··· Input material ···

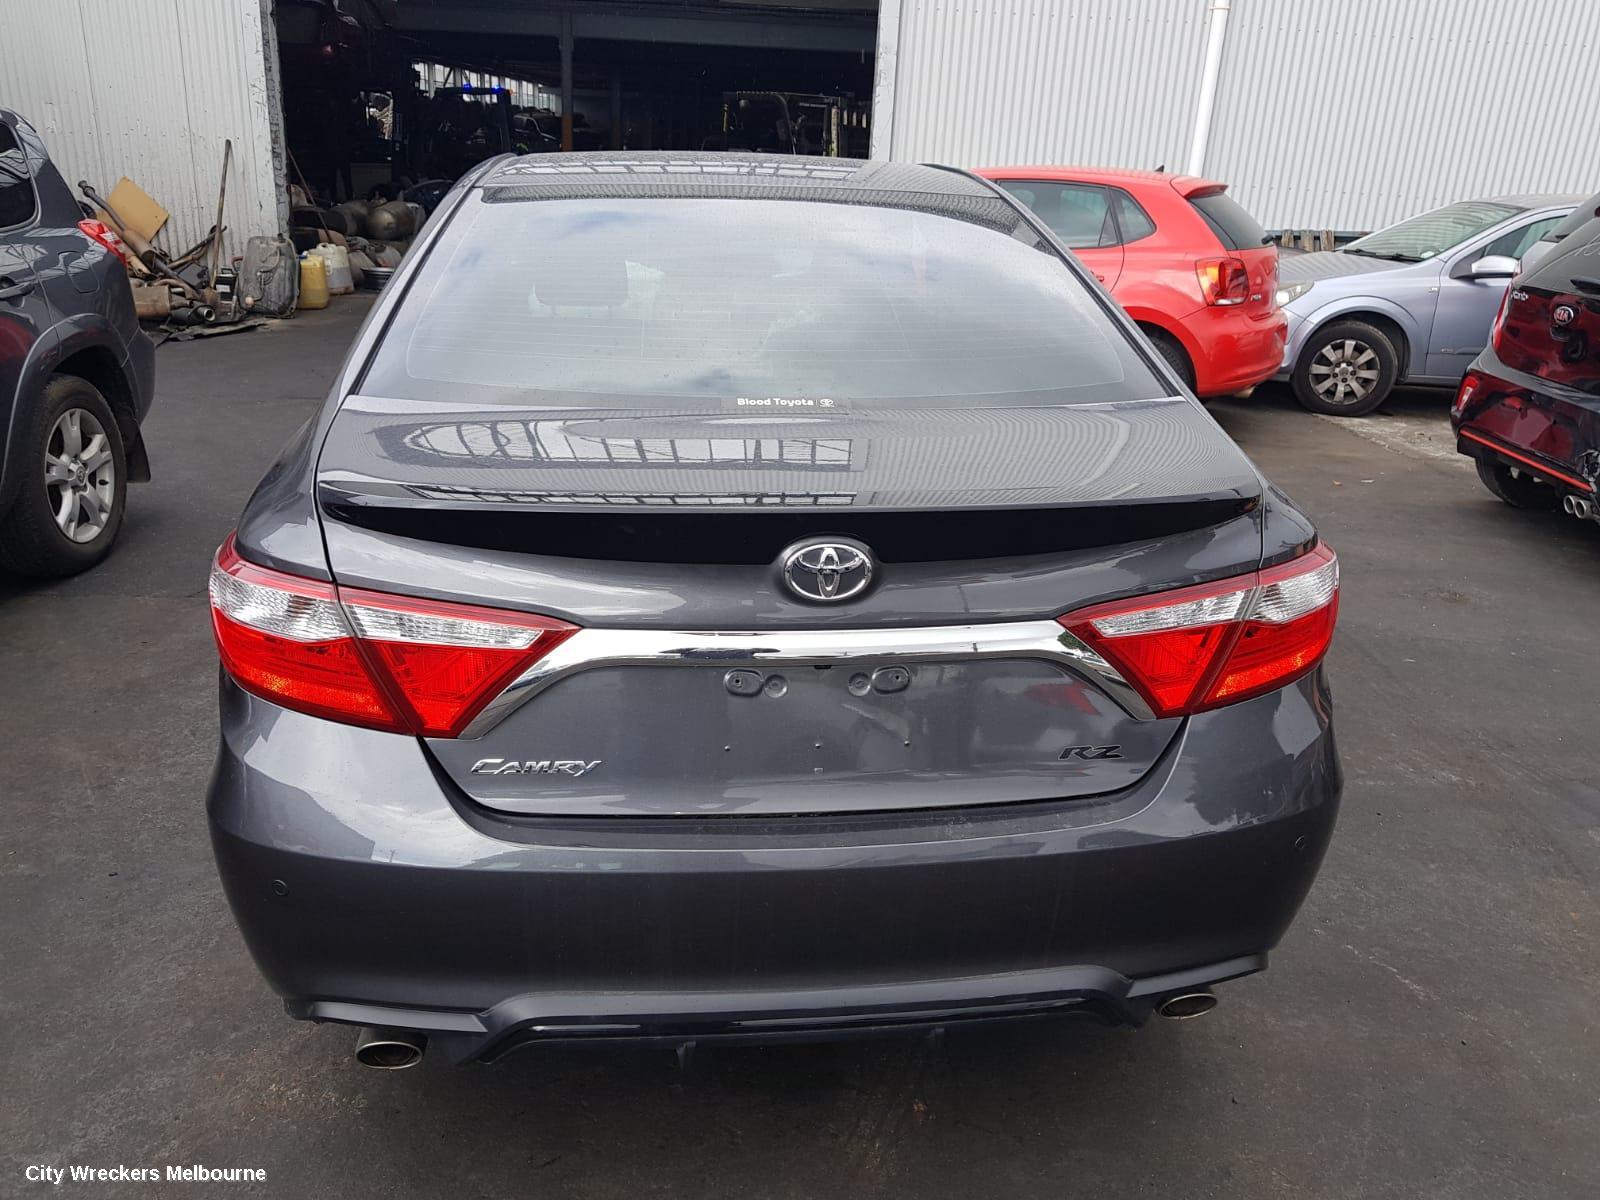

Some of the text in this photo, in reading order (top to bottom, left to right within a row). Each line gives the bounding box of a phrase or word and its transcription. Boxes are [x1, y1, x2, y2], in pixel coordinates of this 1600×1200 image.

[737, 398, 771, 406] Blood
[773, 398, 814, 406] Toyota
[1058, 745, 1124, 761] RZ
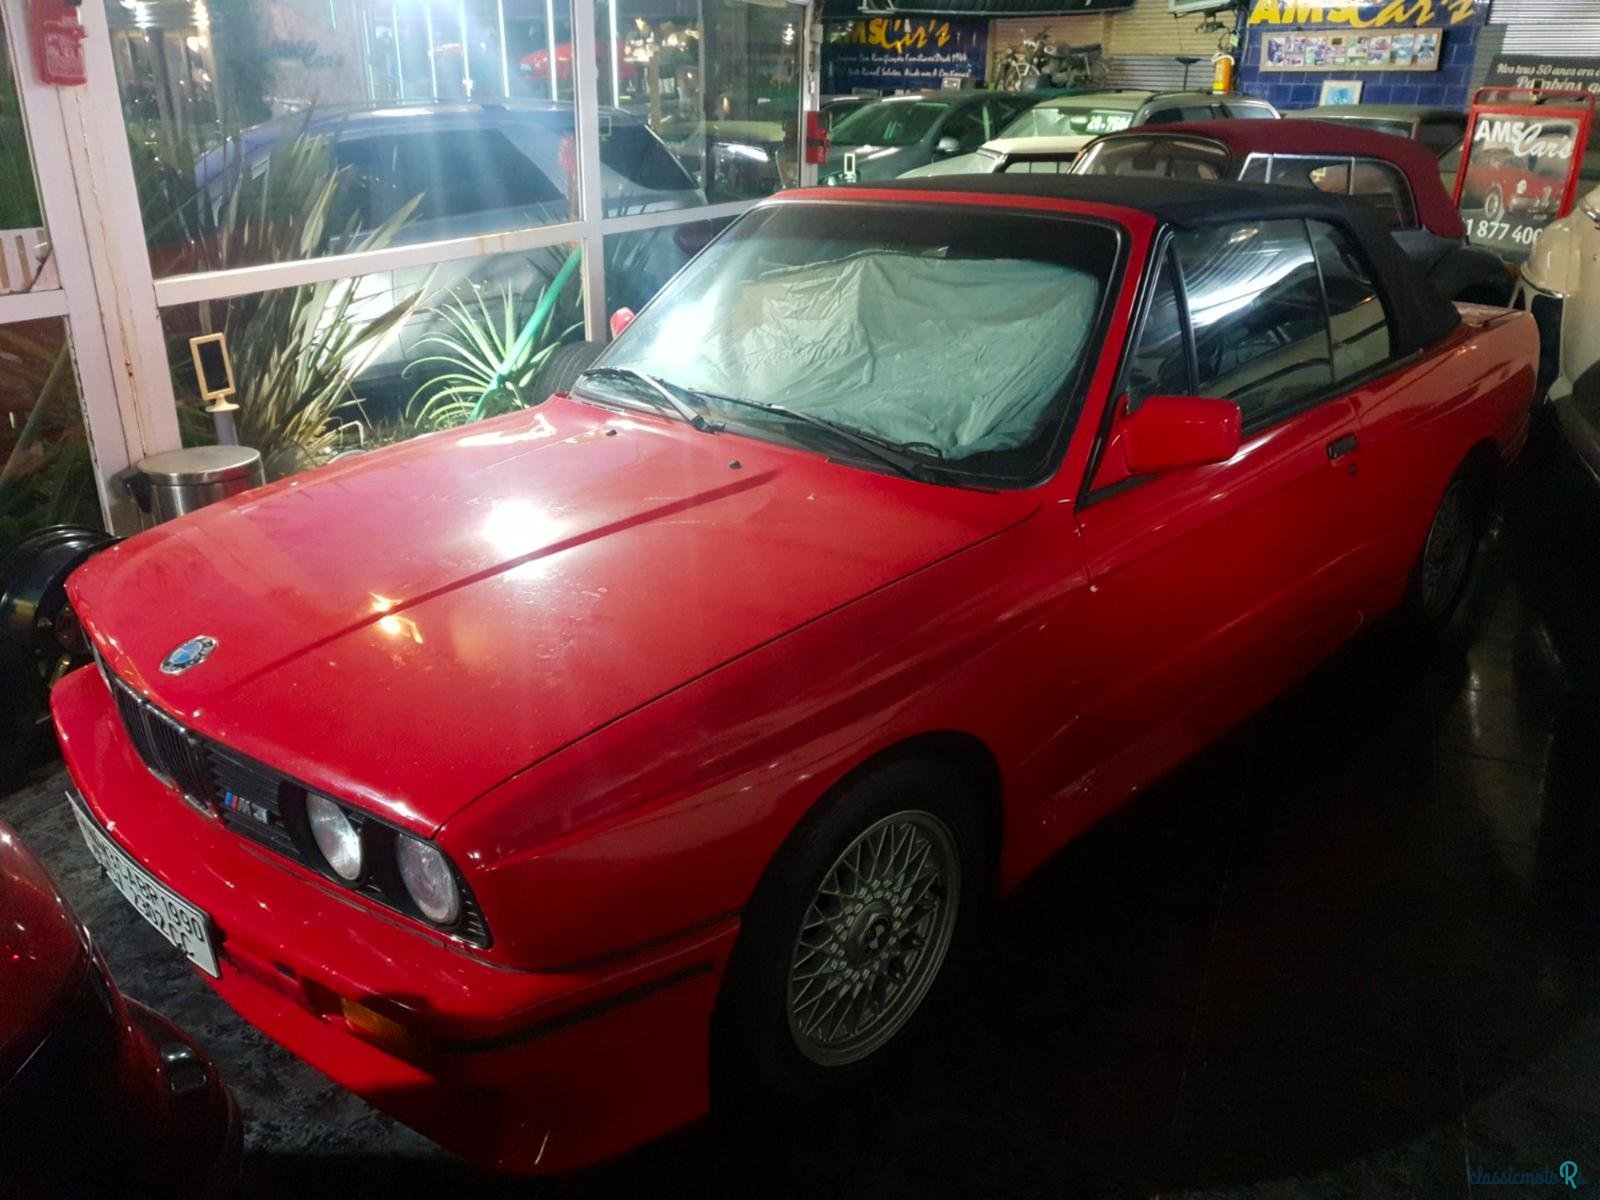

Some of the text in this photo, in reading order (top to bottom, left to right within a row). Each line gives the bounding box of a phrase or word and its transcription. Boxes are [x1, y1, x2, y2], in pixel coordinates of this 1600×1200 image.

[1536, 65, 1553, 75] 50
[1516, 75, 1583, 92] Paabéns
[1477, 220, 1510, 241] 877
[160, 895, 205, 943] 1990

···

> [Work task]: Without the pictures, repeat every line of the material above exactly.

> [Solution to this exercise]:
Some of the text in this photo, in reading order (top to bottom, left to right within a row). Each line gives the bounding box of a phrase or word and its transcription. Boxes are [x1, y1, x2, y2], in pixel coordinates of this 1600×1200 image.

[737, 398, 771, 406] Blood
[773, 398, 814, 406] Toyota
[1058, 745, 1124, 761] RZ

Some of the text in this photo, in reading order (top to bottom, left to right within a row). Each line gives the bounding box of a phrase or word and its transcription. Boxes are [x1, y1, x2, y2], in pixel coordinates of this 1600×1200 image.

[1536, 65, 1553, 75] 50
[1516, 75, 1583, 92] Paabéns
[1477, 220, 1510, 241] 877
[160, 895, 205, 943] 1990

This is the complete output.